7.2.3 Gravitational potential

Gravitational Potential $( V )$

• Definition: Gravitational potential at a point is defined as the work done per unit mass to move an object from infinity (where potential is zero) to that specific point in the gravitational field.
• Gravitational potential at infinity is set to zero. As an object moves closer to the source of the gravitational field, gravitational potential becomes negative, indicating that energy is released as the object approaches the source.
• Equation for gravitational potential in a radial field:

$$V = -\frac{GM}{r}$$

Where:

• $G$ is the gravitational constant,
• $M$ is the mass causing the field,
• $r$ is the distance between the centres of the objects.

Gravitational Potential Difference $( \Delta V )$

• This is the energy required to move a unit mass between two points in a gravitational field.
• Work done in moving an object with mass $m$ over a gravitational potential difference $\Delta V$ can be calculated by:

$$\text{Work done} = m \Delta V$$

Equipotential Surfaces

• Definition: Equipotential surfaces are surfaces where the gravitational potential is the same at every point, meaning no work is required to move an object along an equipotential surface.
• Representation: These surfaces are drawn around a mass to indicate areas of equal potential.
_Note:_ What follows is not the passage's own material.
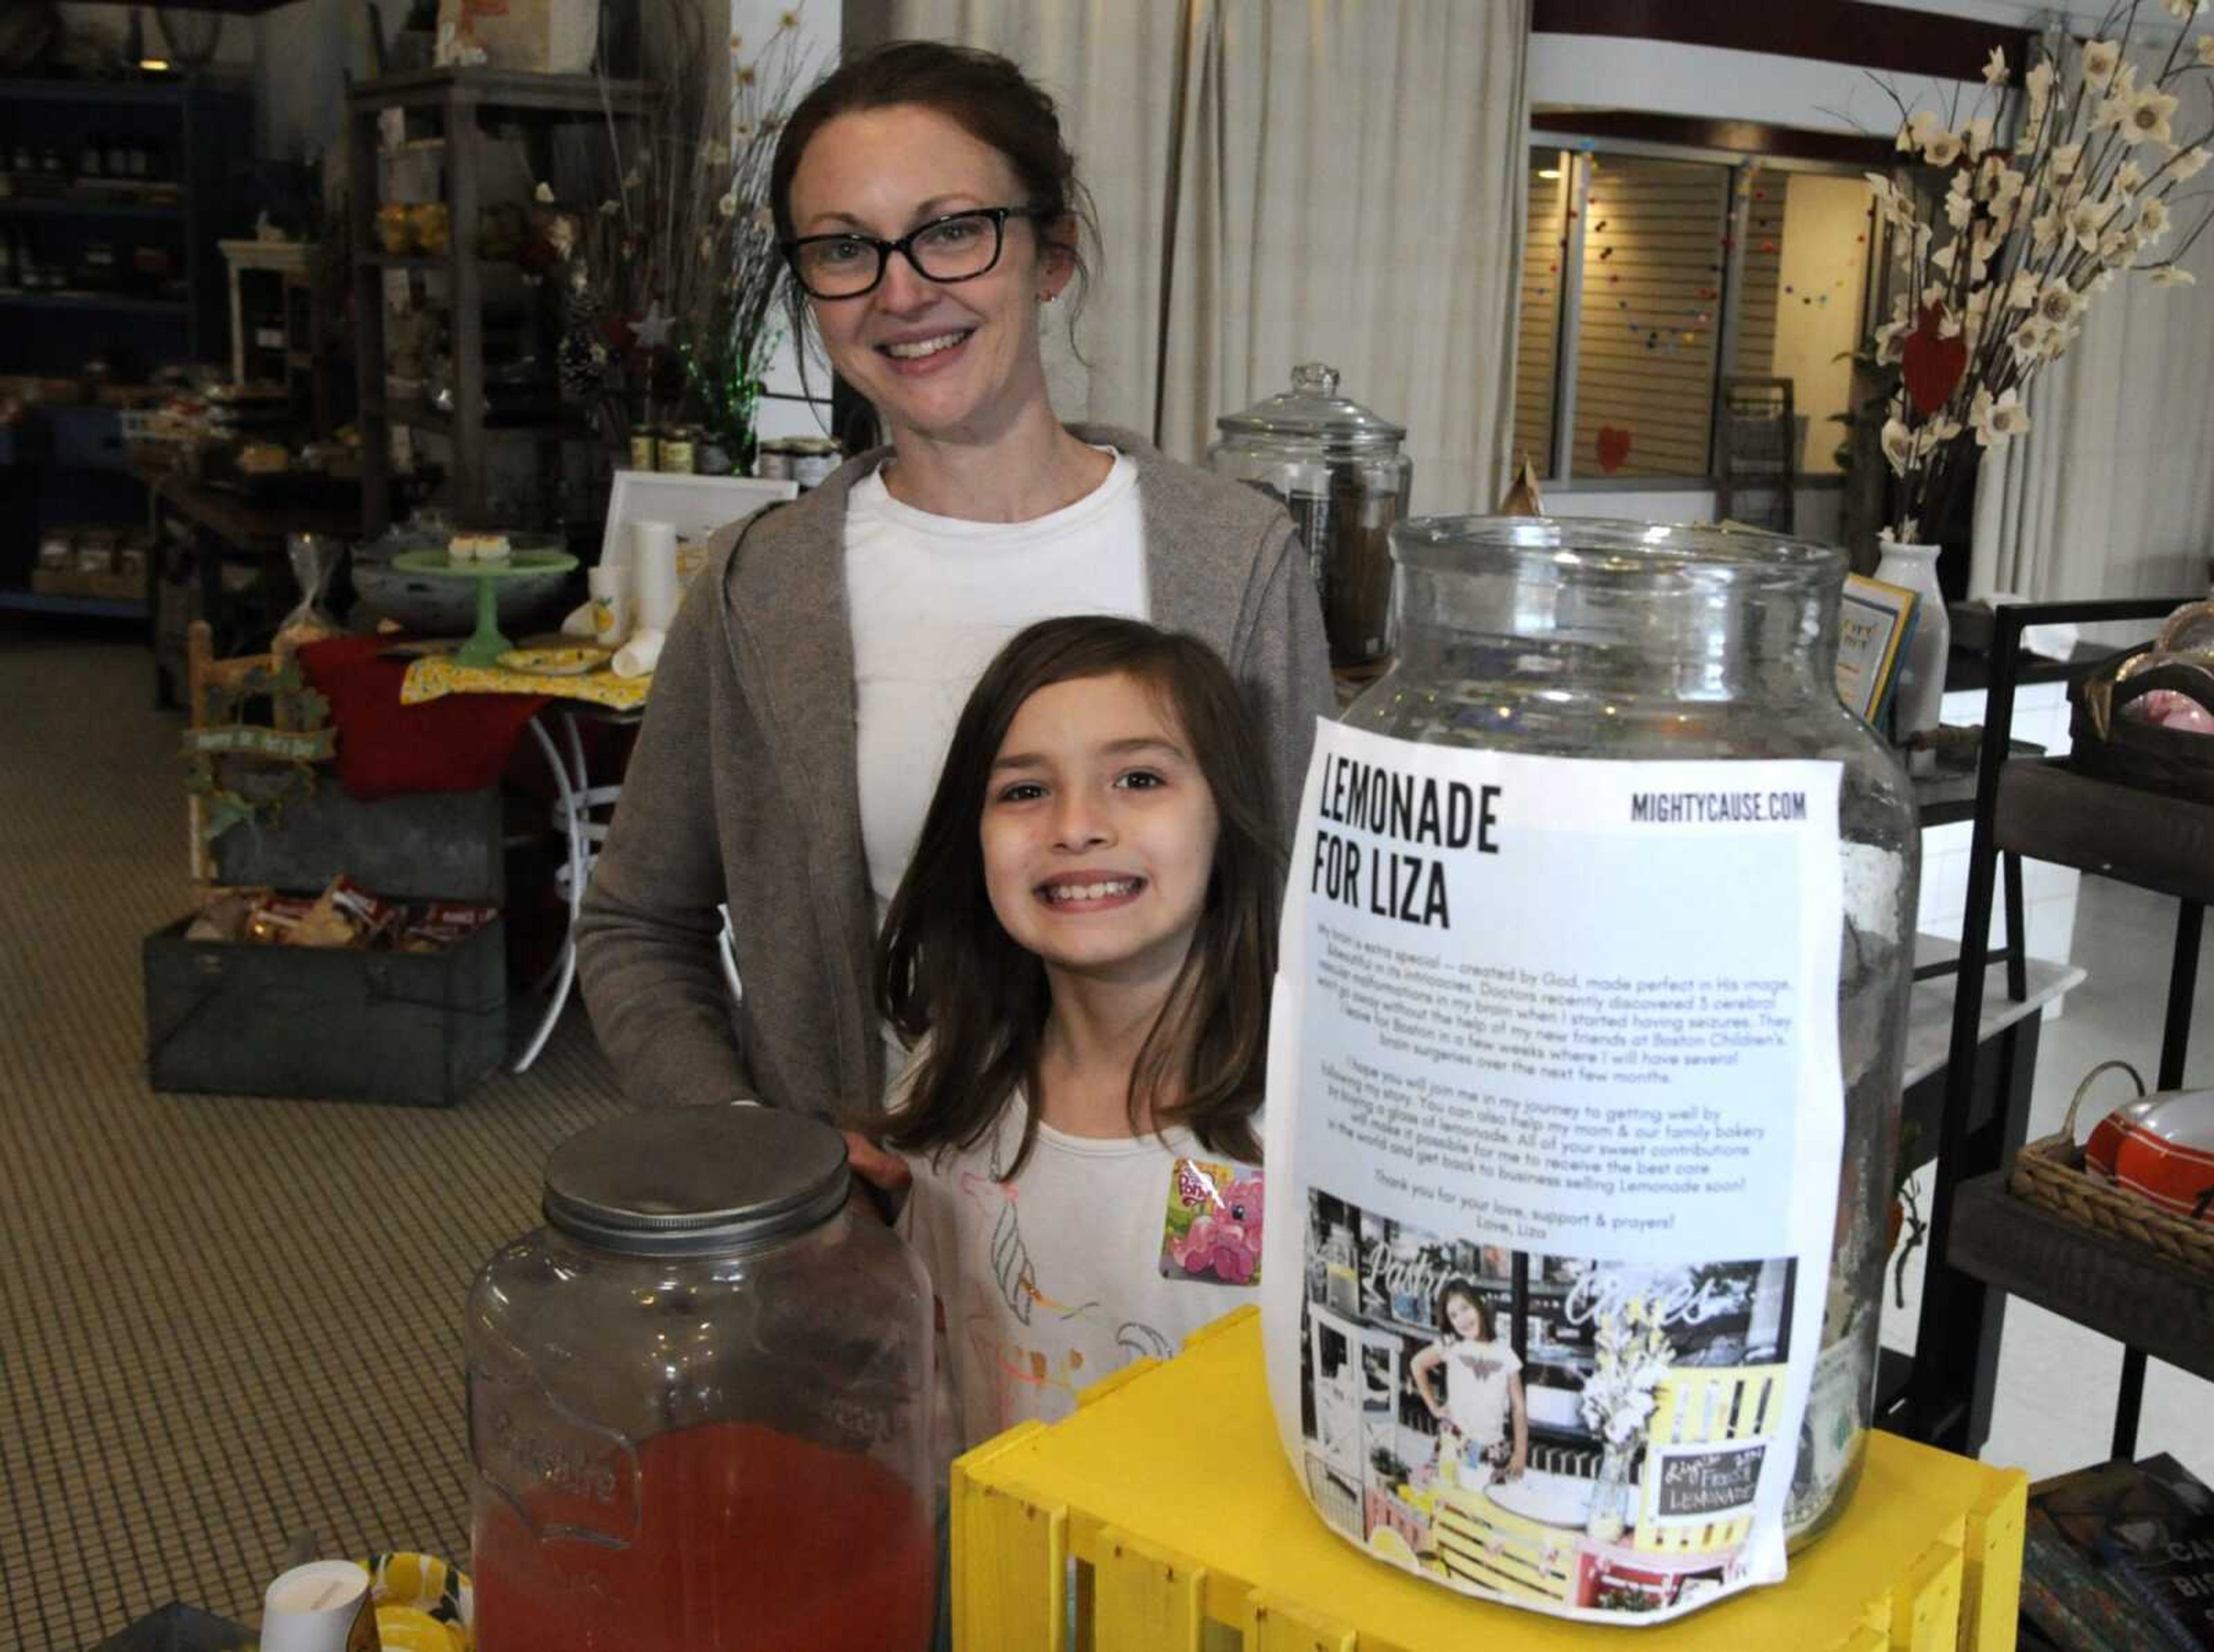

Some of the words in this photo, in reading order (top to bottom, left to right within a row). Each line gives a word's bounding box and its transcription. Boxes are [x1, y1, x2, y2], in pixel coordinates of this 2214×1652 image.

Movement along the equipotential line does not change potential, and no work is done.
• Graph: Equipotential surfaces are shown as red lines around Earth in a radial field, demonstrating equal potential at points equidistant from the source.

Relationship Between Potential and Distance

• The gravitational potential $V$ is inversely proportional to the distance $r$ from the centre of the mass causing the gravitational field, following the relation $V \propto \frac{1}{r}$.
• This relationship can be visualised on a graph of potential $V$ against distance $r$.

Gravitational Field Strength from Gravitational Potential

• Gravitational field strength $g$ at a certain point can be derived from the gradient of the potential-distance graph:

$$g = -\frac{\Delta V}{\Delta r}$$

• To find $g$ from the graph, draw a tangent to the curve at the desired point, calculate the gradient, and multiply by $-1$.

Gravitational Potential Difference from Field Strength

• By plotting gravitational field strength $g$ against distance $r$, the area under the curve represents the gravitational potential difference between two points. This area can be used to find how much energy is required to move between these points.